DETDet: Dual Ensemble Teeth Detection
Kyoungyeon Choi, Jaewon Shin, Eunyi Lyou

TL;DR
DETDet is a novel dual-module AI system designed for dental X-ray analysis, combining ensemble and mask-based techniques to improve teeth detection and diagnosis accuracy, advancing digital dentistry diagnostics.
Contribution
The paper introduces DETDet, a dual ensemble network utilizing Mask-RCNN and combined diffusion and DINO models, with unlabeled data integration for enhanced dental X-ray analysis.
Findings
Improved detection accuracy over existing methods
Effective use of unlabeled data enhances performance
Dual-module design separates enumeration and diagnosis tasks
Abstract
The field of dentistry is in the era of digital transformation.
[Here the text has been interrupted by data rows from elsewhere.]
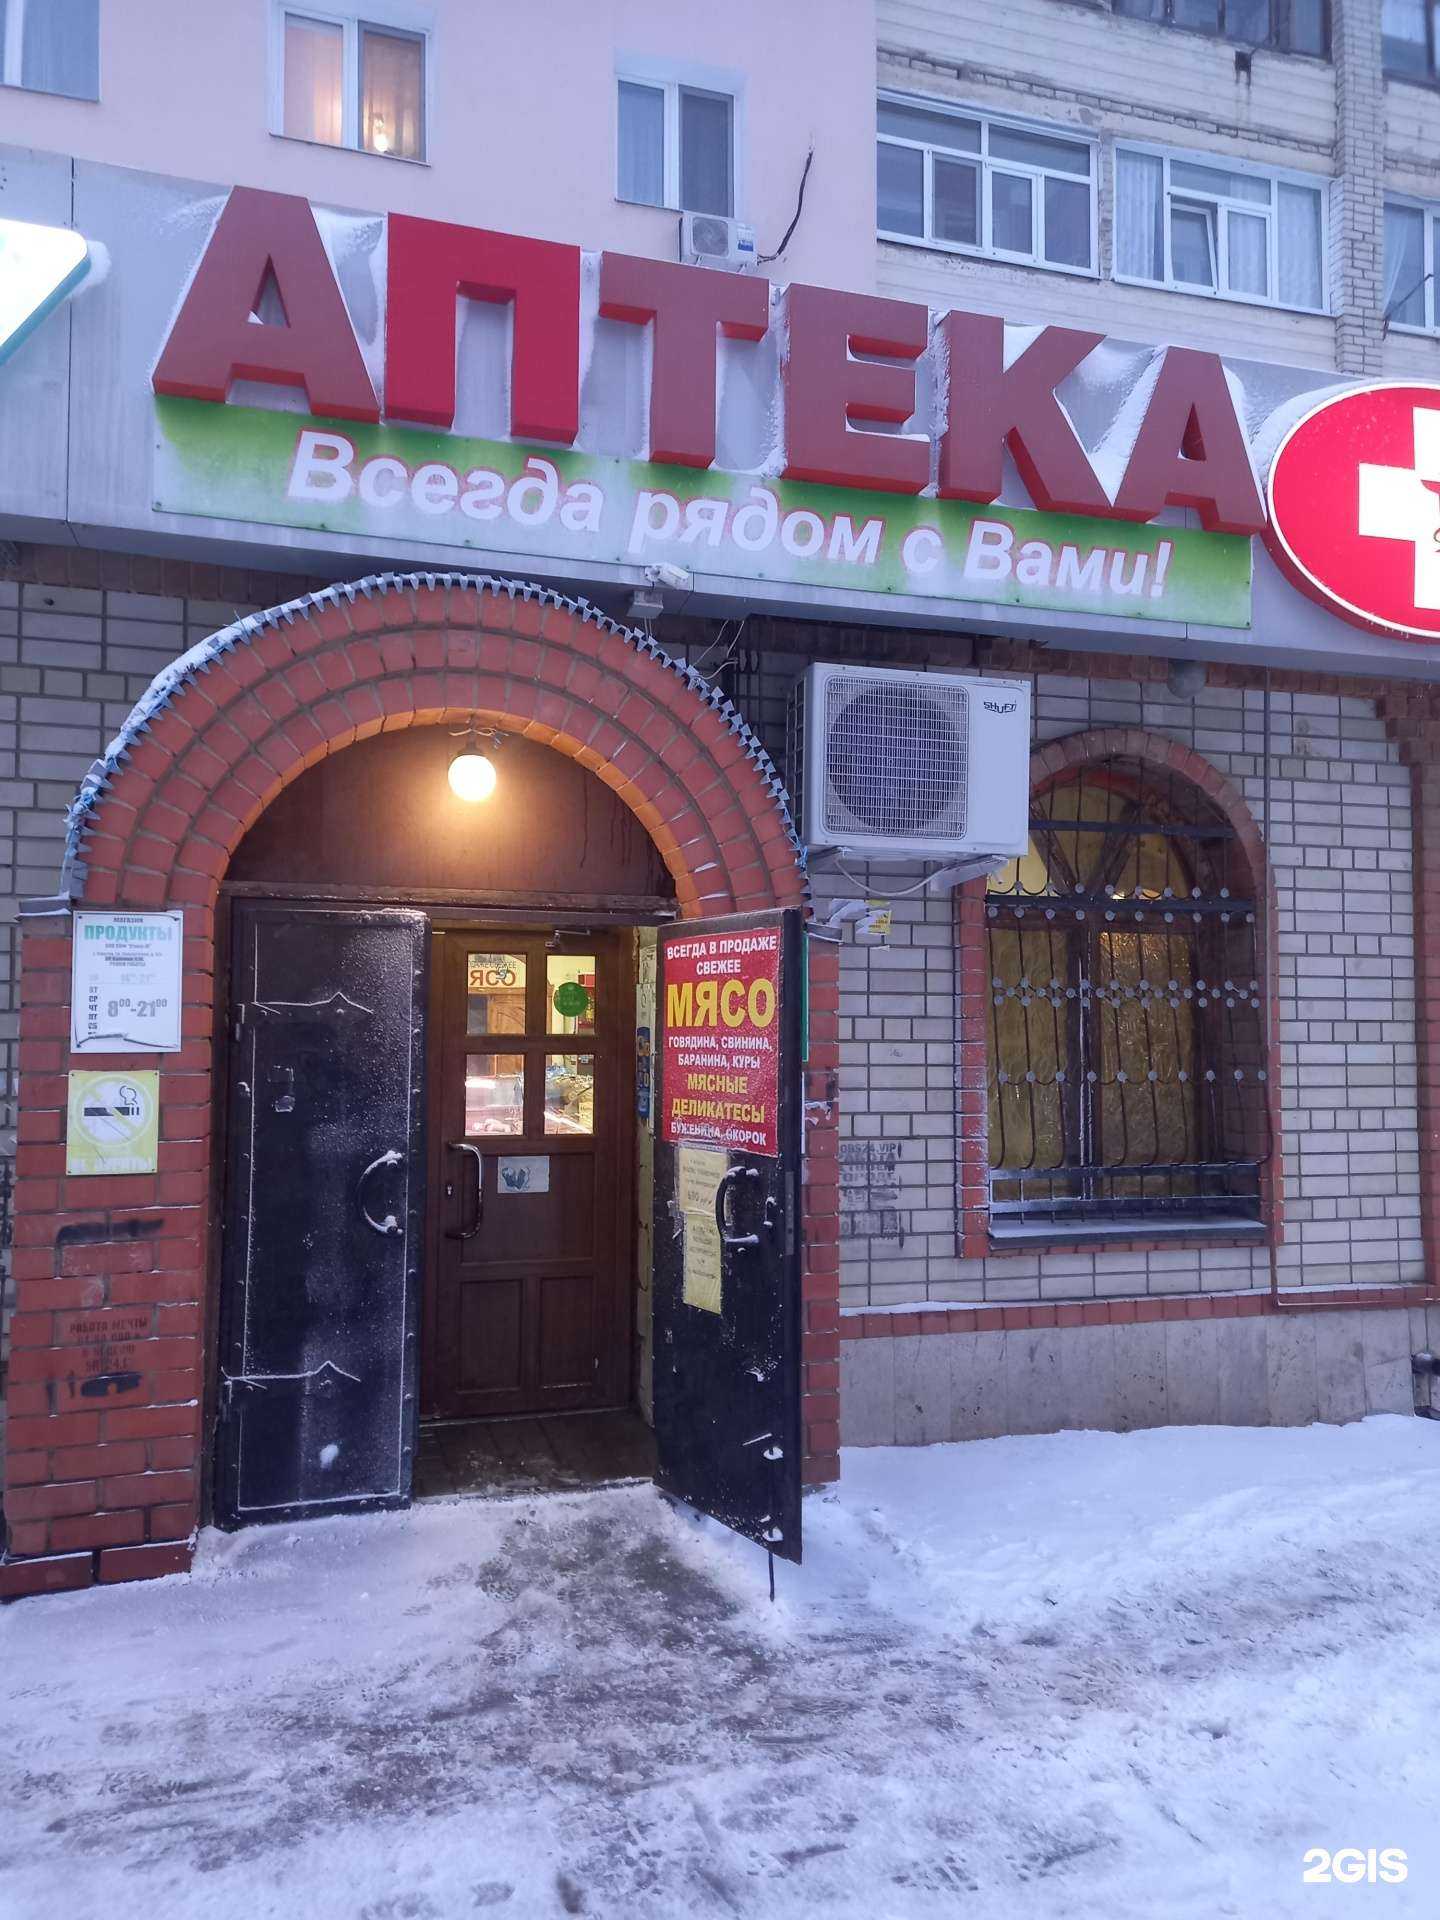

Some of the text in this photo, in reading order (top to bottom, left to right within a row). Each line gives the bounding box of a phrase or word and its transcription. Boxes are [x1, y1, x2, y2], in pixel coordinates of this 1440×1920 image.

[152, 186, 1268, 536] АПТЕКА
[287, 429, 1173, 599] Всегда рядом с Вами!
[84, 925, 172, 941] ПРОДУКТЫ
[667, 935, 777, 960] ВСЕГДА В ПРОДАЖЕ
[696, 959, 741, 976] СВЕЖЕЕ
[667, 978, 776, 1028] МЯСО
[668, 1036, 772, 1051] ГОВЯДИНА, СВИНИНА,
[678, 1053, 761, 1069] БАРАНИНА, КУРЫ
[687, 1074, 748, 1094] МЯСНЫЕ
[672, 1098, 765, 1123] ДЕЛИКАТЕСЫ
[726, 1129, 767, 1146] ОКОРОК
Particularly, artificial intelligence is anticipated to play a significant role in digital dentistry. AI holds the potential to significantly assist dental practitioners and elevate diagnostic accuracy. In alignment with this vision, the 2023 MICCAI DENTEX challenge aims to enhance the performance of dental panoramic X-ray diagnosis and enumeration through technological advancement. In response, we introduce DETDet, a Dual Ensemble Teeth Detection network. DETDet encompasses two distinct modules dedicated to enumeration and diagnosis. Leveraging the advantages of teeth mask data, we employ Mask-RCNN for the enumeration module. For the diagnosis module, we adopt an ensemble model comprising DiffusionDet and DINO. To further enhance precision scores, we integrate a complementary module to harness the potential of unlabeled…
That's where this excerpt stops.